··· INFORMATION SUPPLIED ···
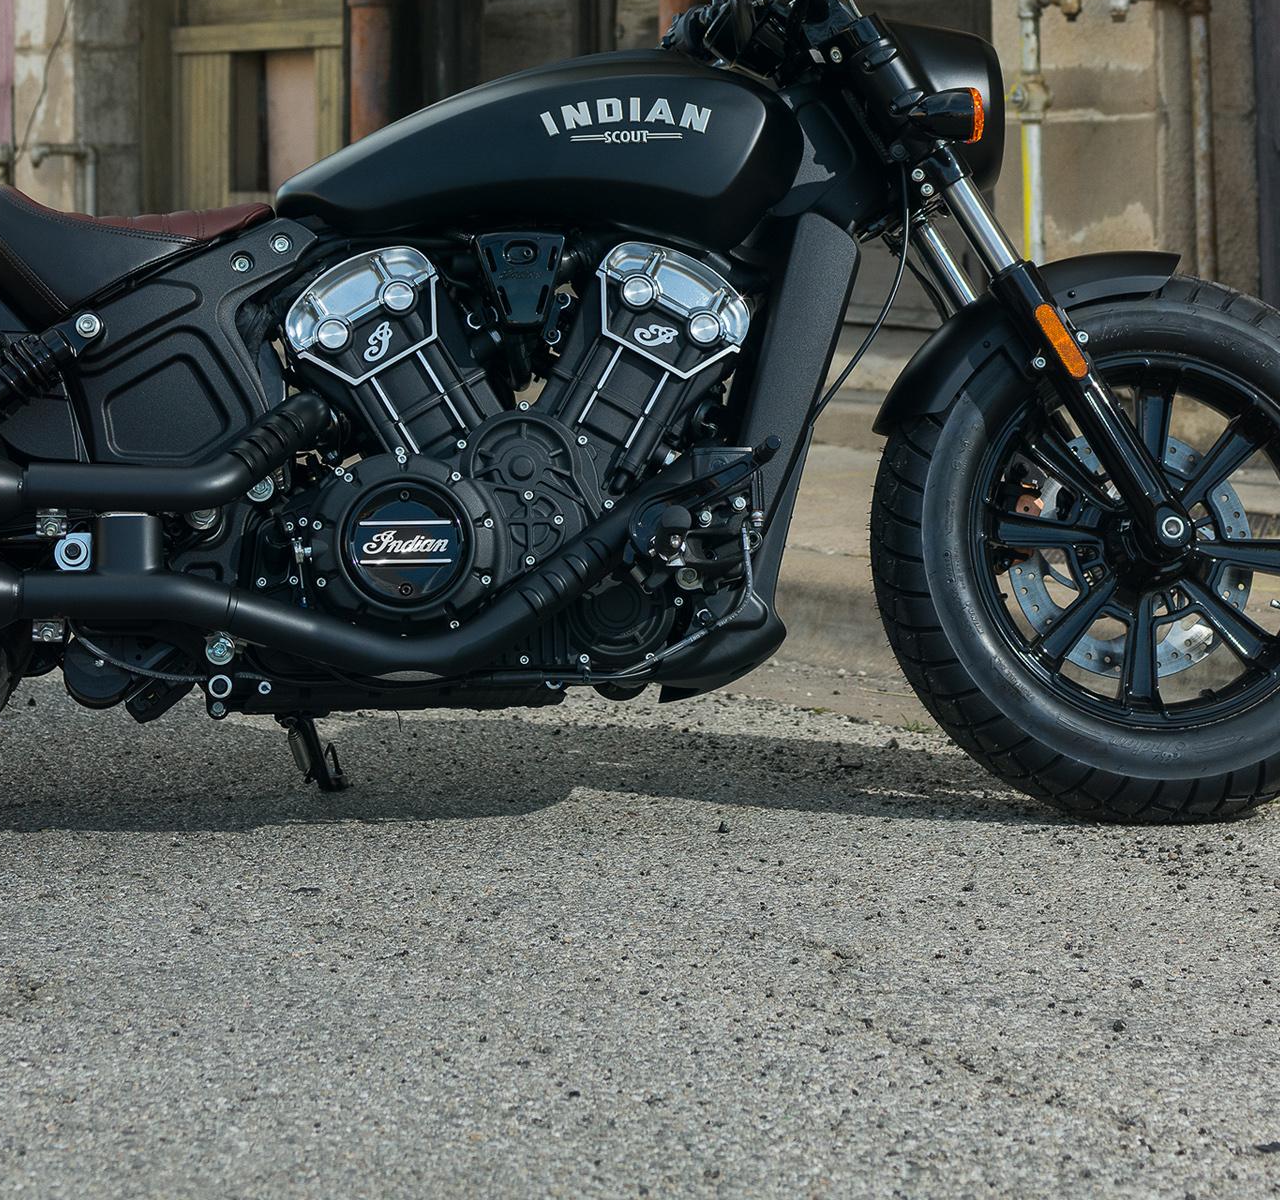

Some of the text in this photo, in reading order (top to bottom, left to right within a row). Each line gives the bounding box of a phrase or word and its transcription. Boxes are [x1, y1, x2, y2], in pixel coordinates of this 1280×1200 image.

[539, 97, 712, 137] INDIAN
[604, 130, 649, 143] SCOUT
[362, 530, 449, 554] Indian
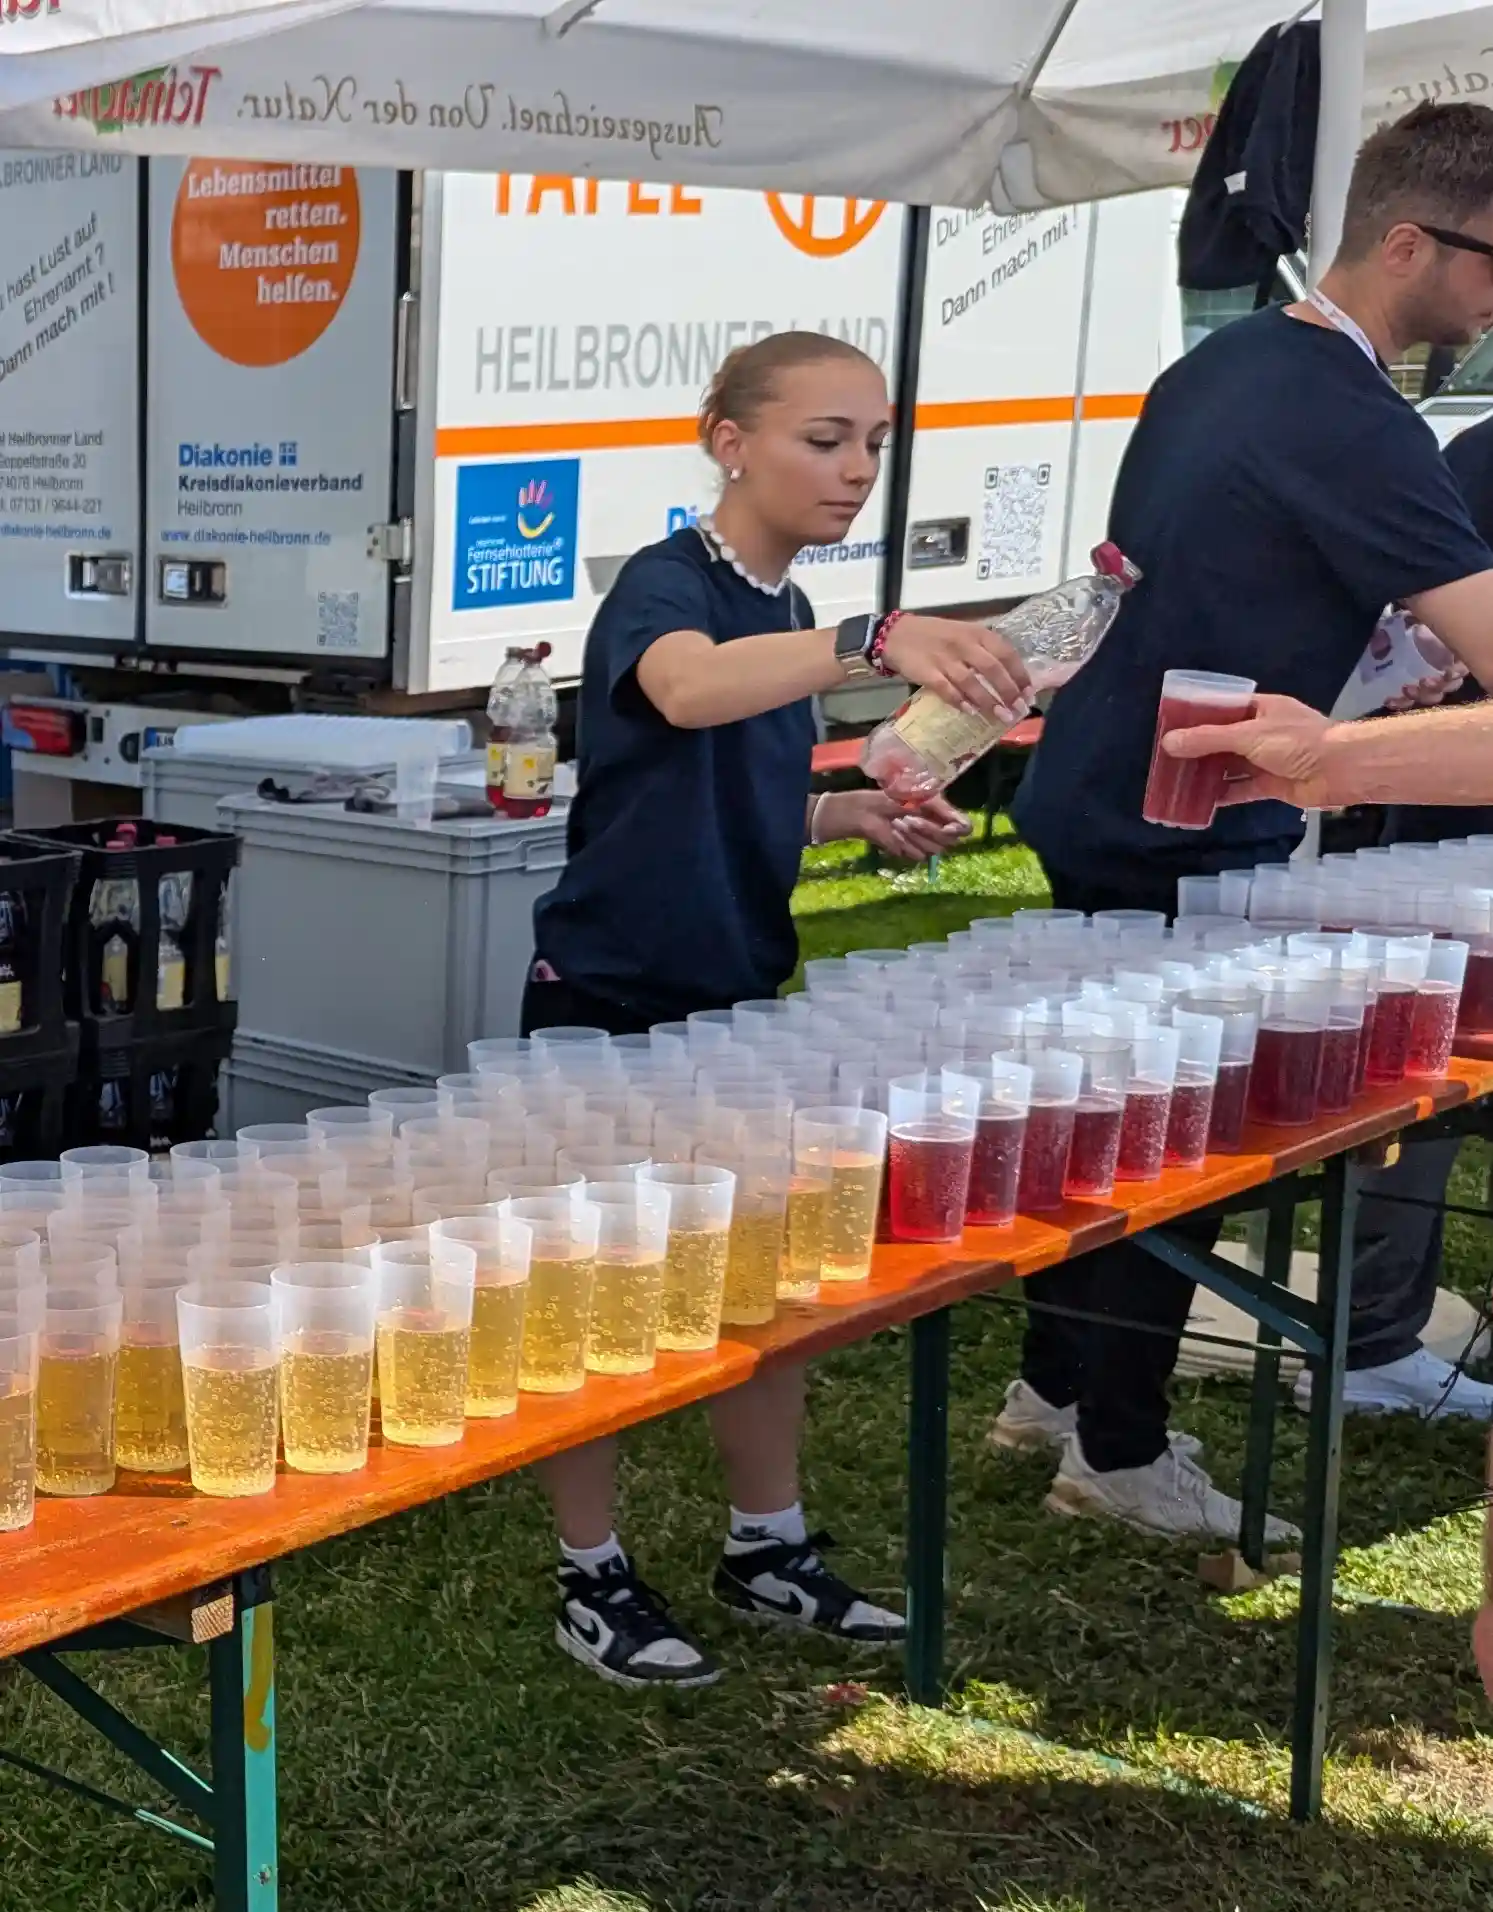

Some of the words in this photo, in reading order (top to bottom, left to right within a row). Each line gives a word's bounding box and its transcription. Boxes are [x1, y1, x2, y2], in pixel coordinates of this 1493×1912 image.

[0, 152, 76, 189] BRONNER
[80, 150, 122, 177] LAND
[187, 163, 342, 199] Lebensmittel
[265, 200, 348, 230] retten.
[936, 212, 960, 247] Du
[6, 264, 36, 303] hast
[39, 236, 71, 276] Lust
[74, 211, 97, 249] auf
[218, 236, 338, 270] Menschen
[942, 279, 986, 325] Dann
[992, 238, 1037, 289] mach
[1042, 213, 1068, 251] mit
[24, 255, 92, 325] Ehrenamt
[257, 272, 339, 305] helfen.
[36, 305, 77, 351] mach
[80, 279, 105, 316] mit
[8, 431, 72, 447] Heilbronner
[74, 429, 103, 446] Land
[178, 443, 273, 467] Diakonie
[33, 476, 84, 491] Heilbronn
[178, 473, 363, 492] Kreisdiakonieverband
[178, 500, 243, 516] Heilbronn
[161, 528, 331, 546] www.diakonie-heilbronn.de
[467, 556, 564, 594] STIFTUNG
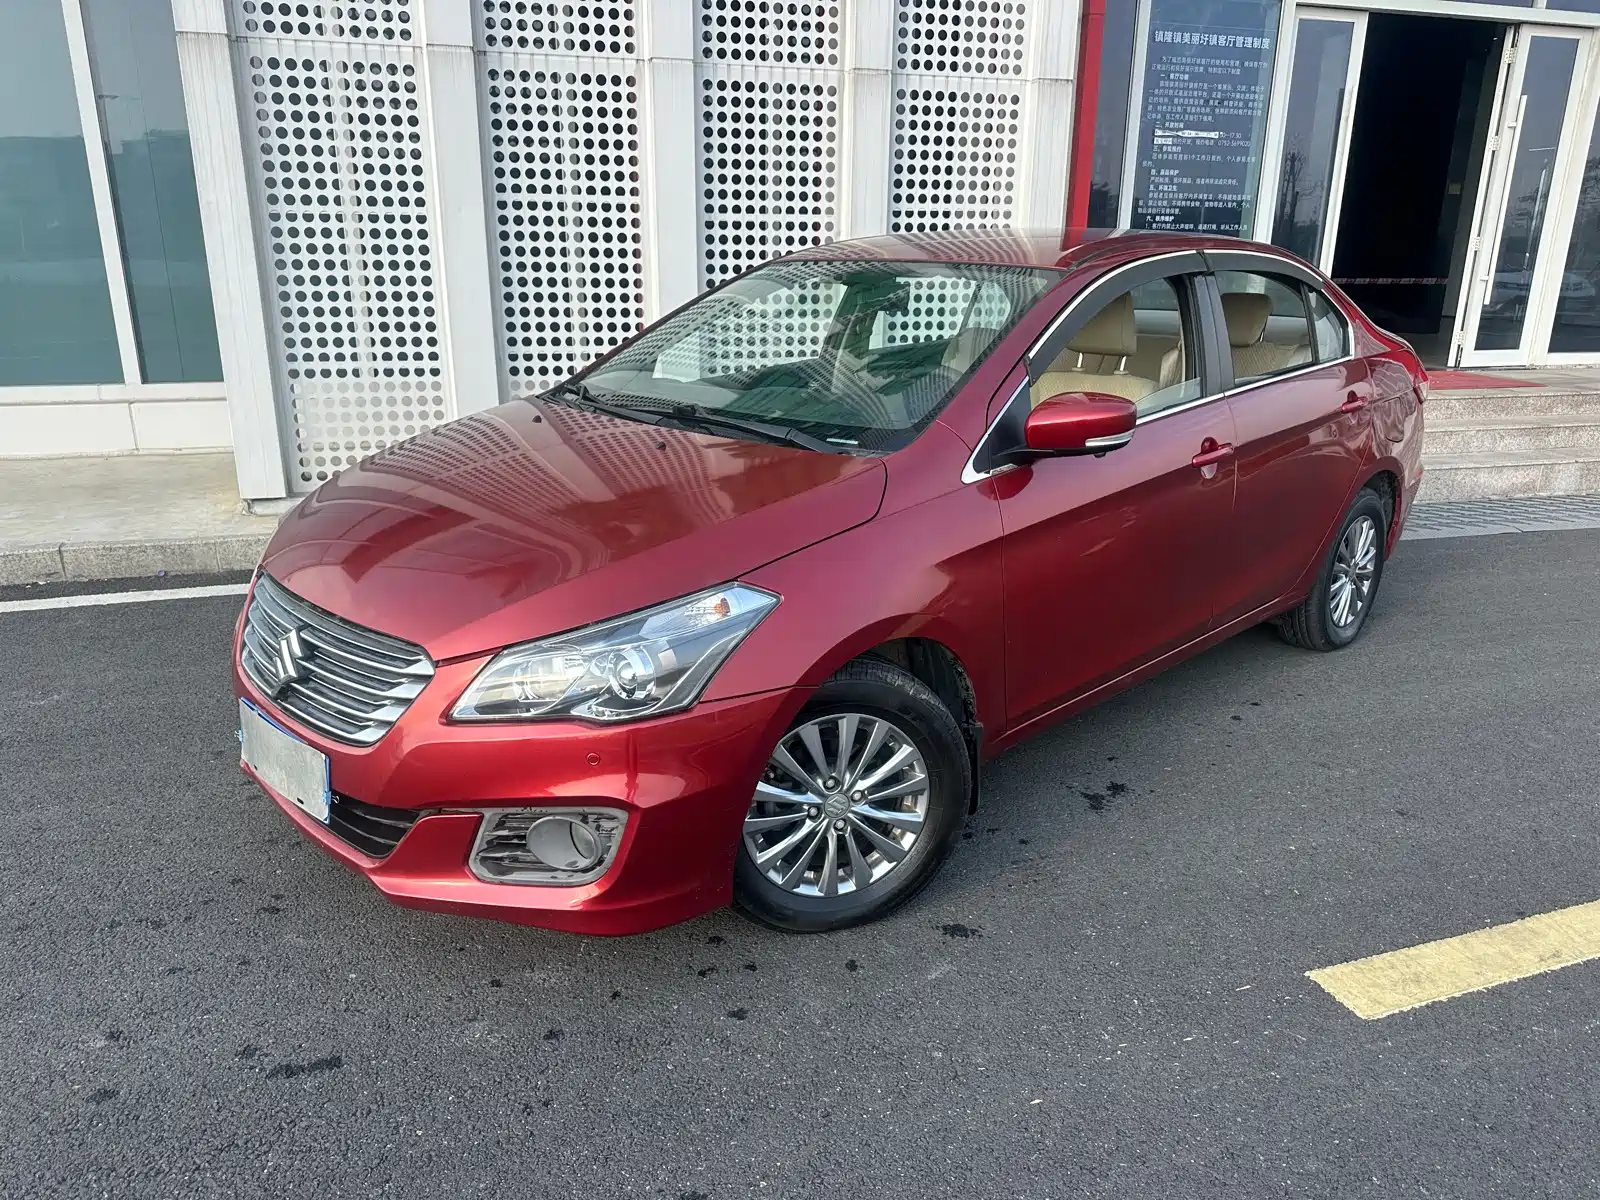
···
GOAL OF THE EXERCISE: Print the entries above word for word, without pictures.

SOLUTION FOR THIS PROBLEM:
Some of the text in this photo, in reading order (top to bottom, left to right within a row). Each line gives the bounding box of a phrase or word and its transcription. Boxes are [x1, y1, x2, y2], in pixel coordinates of this 1280×1200 image.

[539, 97, 712, 137] INDIAN
[604, 130, 649, 143] SCOUT
[362, 530, 449, 554] Indian

Some of the words in this photo, in reading order (top to bottom, left to right within a row). Each line gives a word's bounding box and its transcription. Boxes are [x1, y1, x2, y2], in pixel coordinates of this 1493×1912 image.

[0, 152, 76, 189] BRONNER
[80, 150, 122, 177] LAND
[187, 163, 342, 199] Lebensmittel
[265, 200, 348, 230] retten.
[936, 212, 960, 247] Du
[6, 264, 36, 303] hast
[39, 236, 71, 276] Lust
[74, 211, 97, 249] auf
[218, 236, 338, 270] Menschen
[942, 279, 986, 325] Dann
[992, 238, 1037, 289] mach
[1042, 213, 1068, 251] mit
[24, 255, 92, 325] Ehrenamt
[257, 272, 339, 305] helfen.
[36, 305, 77, 351] mach
[80, 279, 105, 316] mit
[8, 431, 72, 447] Heilbronner
[74, 429, 103, 446] Land
[178, 443, 273, 467] Diakonie
[33, 476, 84, 491] Heilbronn
[178, 473, 363, 492] Kreisdiakonieverband
[178, 500, 243, 516] Heilbronn
[161, 528, 331, 546] www.diakonie-heilbronn.de
[467, 556, 564, 594] STIFTUNG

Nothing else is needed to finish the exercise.